Encoding of visual target location in extrapersonal space requires convergence of at least three types of information: retinal signals, information about orbital eye positions, and the position of the head on the body. Since the position of gaze is the sum of the head position and the eye position, inaccuracy of spatial localization of the target may result from the sum of the corresponding three levels of errors: retina, ocular and head. In order to evaluate the possible errors evoked at each level, accuracy of target encoding was assessed through a motor response requiring subjects to point with the hand towards a target seen under foveal vision, eliminating the retinal source of error. Subjects had first to orient their head to one of three positions to the right (0, 40, 80°) and maintain this head position while orienting gaze and pointing to one of five target positions (0, 20, 40, 60, 80°). This resulted in 11 combinations of static head and eye positions, and corresponded to five different gaze eccentricities. The accuracy of target pointing was tested without vision of the moving hand. Six subjects were tested. No systematic bias in finger pointing was observed for eye positions ranging from 0 to 40° to the right or left within the orbit. However, the variability (as measured by a surface error) given by the scatter of hand pointing increased quadratically with eye eccentricity. A similar observation was made with the eye centreed and the head position ranging from 0 to 80°, although the surface error increased less steeply with eccentricity.

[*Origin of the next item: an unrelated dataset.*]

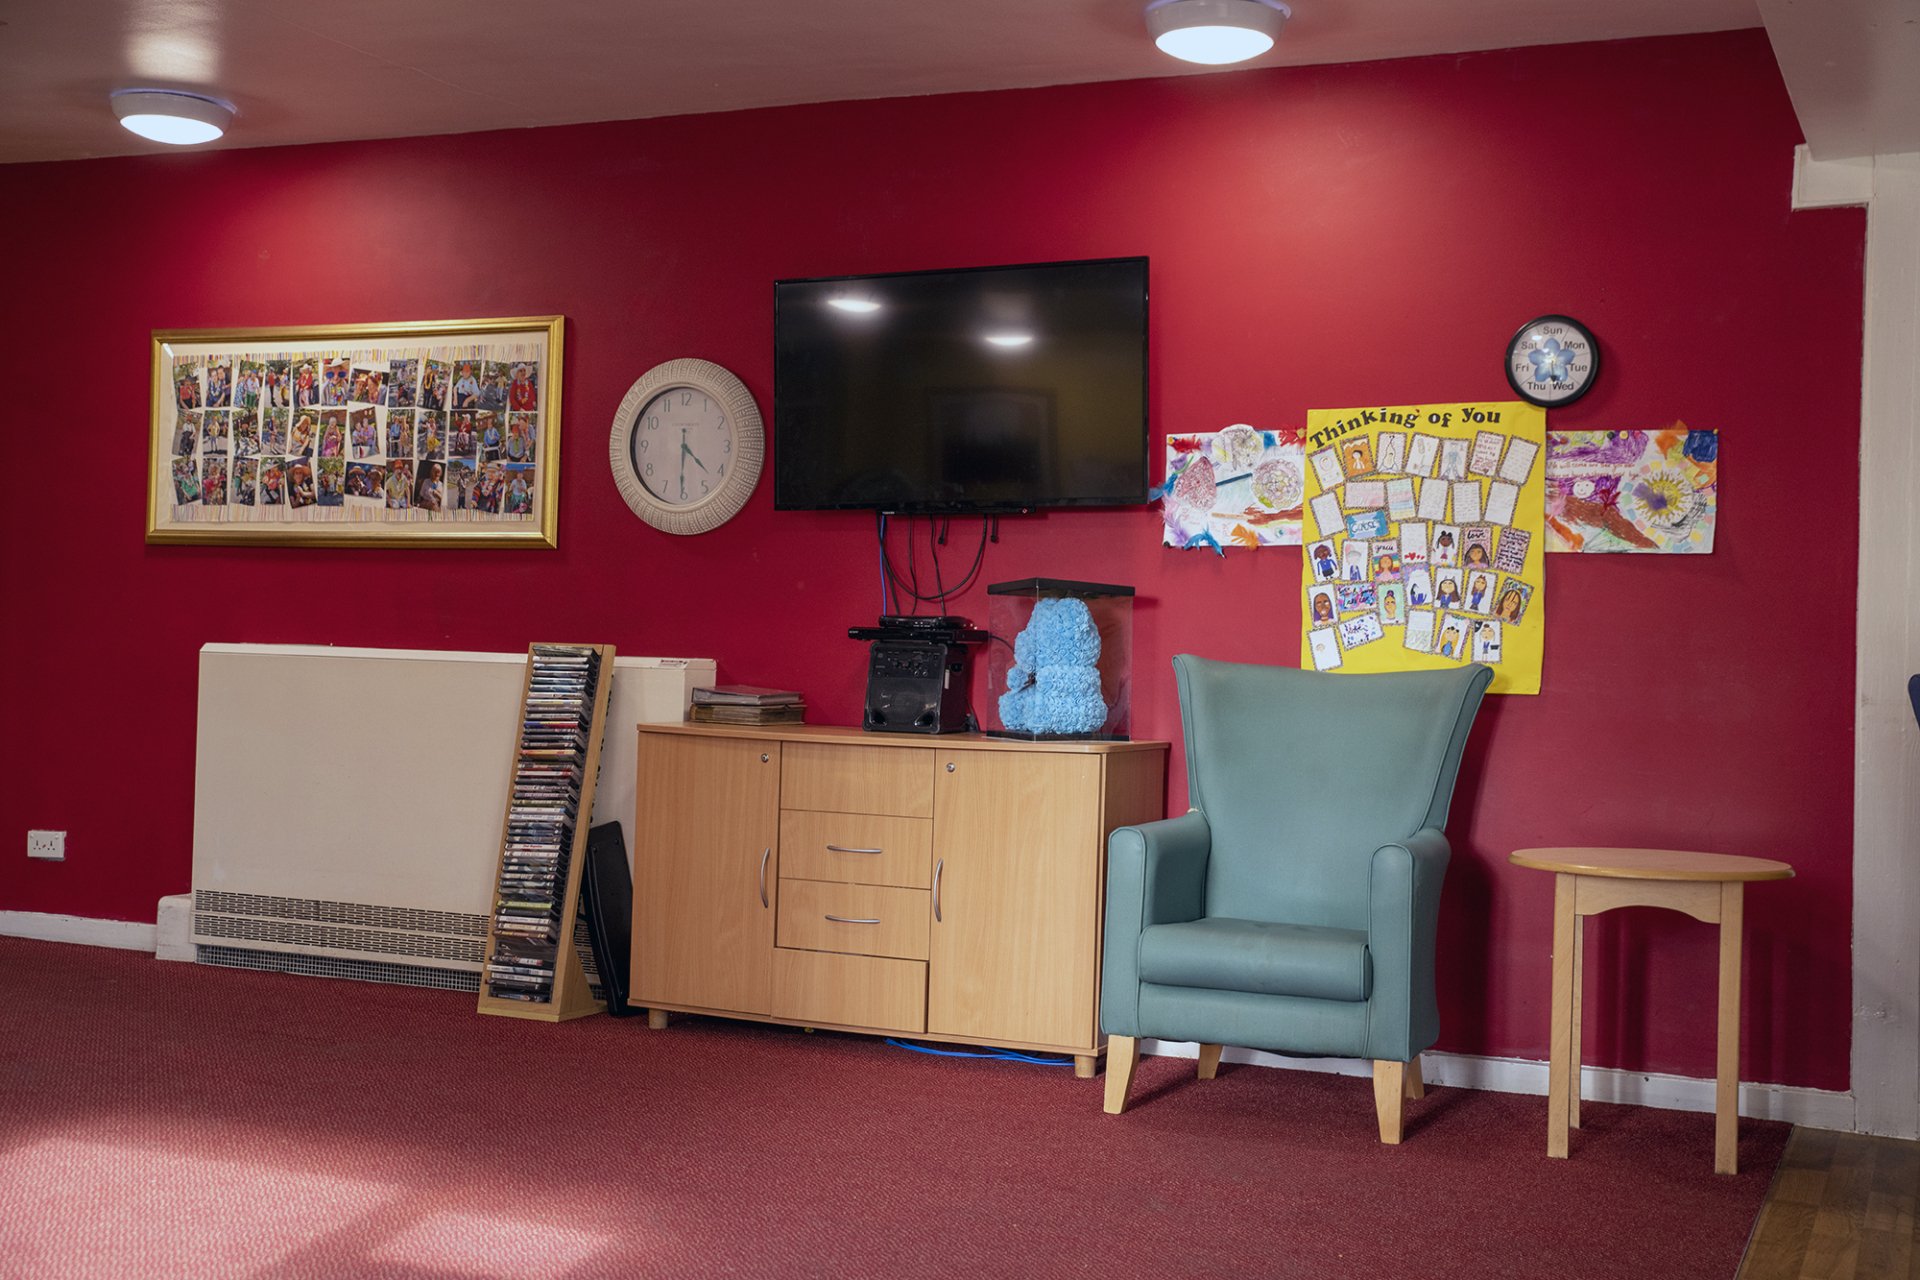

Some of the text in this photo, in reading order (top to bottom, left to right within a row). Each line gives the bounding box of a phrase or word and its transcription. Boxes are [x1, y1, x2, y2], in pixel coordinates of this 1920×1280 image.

Some interaction between eye and head eccentricity also contributed to the pointing error. These results suggest that pointing should be most accurate with a head displacement corresponding to 90% of the gaze eccentricity. These results explain the systematic hypometry of head orienting towards targets observed under natural conditions: thus the respective contribution of head and eye to gaze orientation might be determined in order to optimize accuracy of target encoding.  相似文献   

6.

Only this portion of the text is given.